Manufacturing AUTOMATION

Supersonic car features 3D-printed tip

August 30, 2013
By Special to Manufacturing AUTOMATION


The BLOODHOUND supersonic car is aiming to break the 1,000 mph speed barrier in the summer of 2015—and it’s getting a little help from 3D printing technology.

One of the most critical components is the nose tip for the car, which will be the very first part to break through any new land speed record. The tip is subject to forces as high as 4,915 pounds per square foot. To cope with such loadings, a prototype tip has been designed in titanium and will be bonded to BLOODHOUND’s carbon fiber monocoque body, which forms the front-half of the car.

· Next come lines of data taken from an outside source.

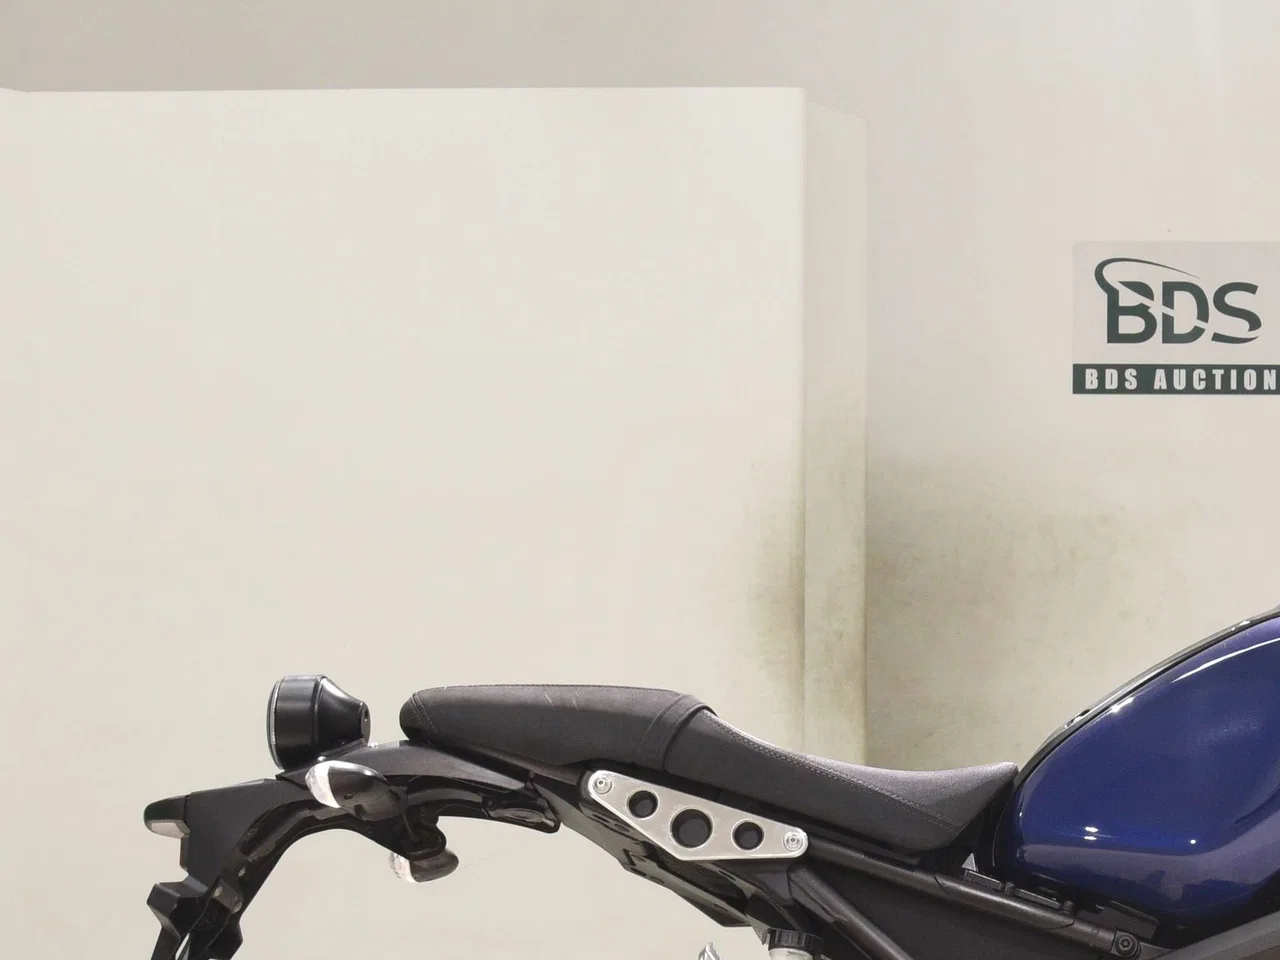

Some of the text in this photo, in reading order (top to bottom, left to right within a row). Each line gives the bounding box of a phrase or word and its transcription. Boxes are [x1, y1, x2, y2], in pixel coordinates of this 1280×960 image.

[1094, 258, 1263, 344] BDS
[1084, 368, 1277, 390] BDS AUCTION
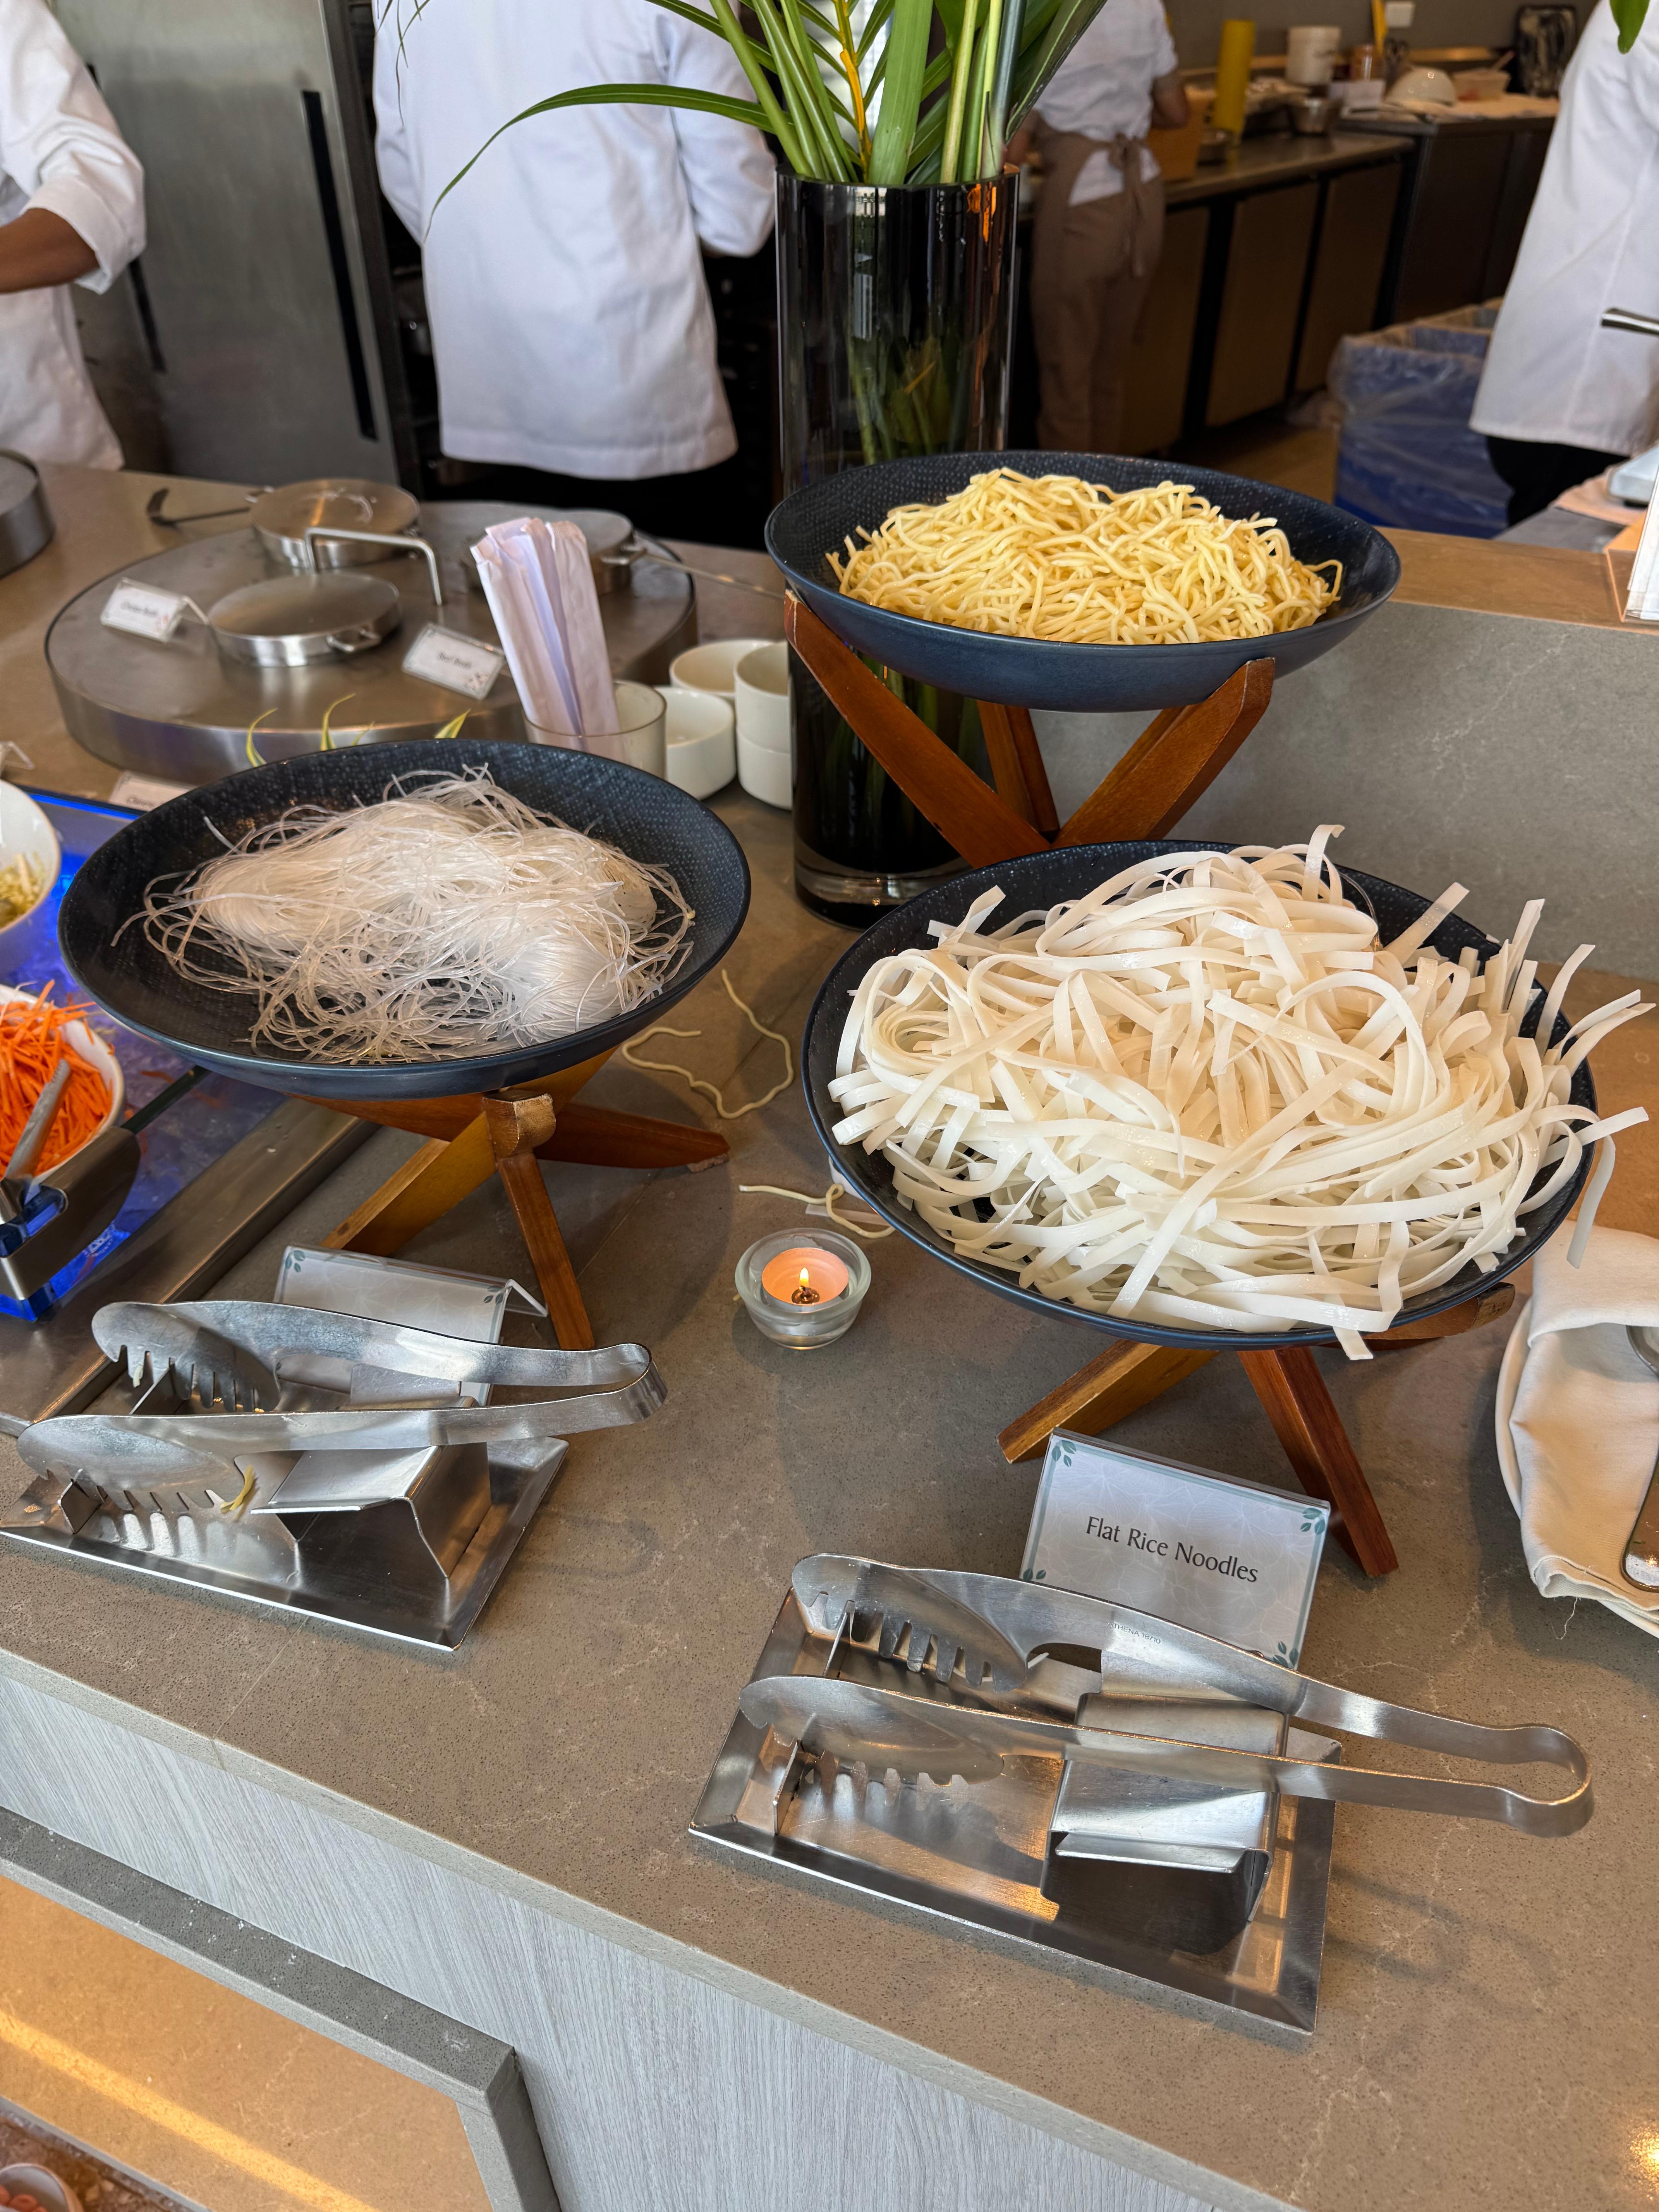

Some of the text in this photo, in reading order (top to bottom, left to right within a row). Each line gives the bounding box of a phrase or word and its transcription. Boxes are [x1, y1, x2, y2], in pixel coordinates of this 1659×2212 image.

[1086, 1516, 1258, 1583] Flat Rice Noodles
[1108, 1622, 1161, 1644] ATHENA 18/10

Renishaw is providing a manufacturing resource to the project team to produce the nose tip with its laser melting machines, which use an additive manufacturing process to fuse together very thin layers of fine metallic powders to form highly complex, functional components. The prototype will be used by the BLOODHOUND team to evaluate possible manufacturing processes and carry out further engineering analysis.

Dan Johns, lead engineer at BLOODHOUND SSC responsible for materials, processes and technologies, says: “We believe that the key benefit of using an additive manufacturing process to produce the nose tip is the ability to create a hollow, but highly rigid titanium structure, and to vary the wall thickness of the tip to minimize weight. To machine this component conventionally would be extremely challenging, result in design compromises, and waste as much as 95 per cent of the expensive raw material.”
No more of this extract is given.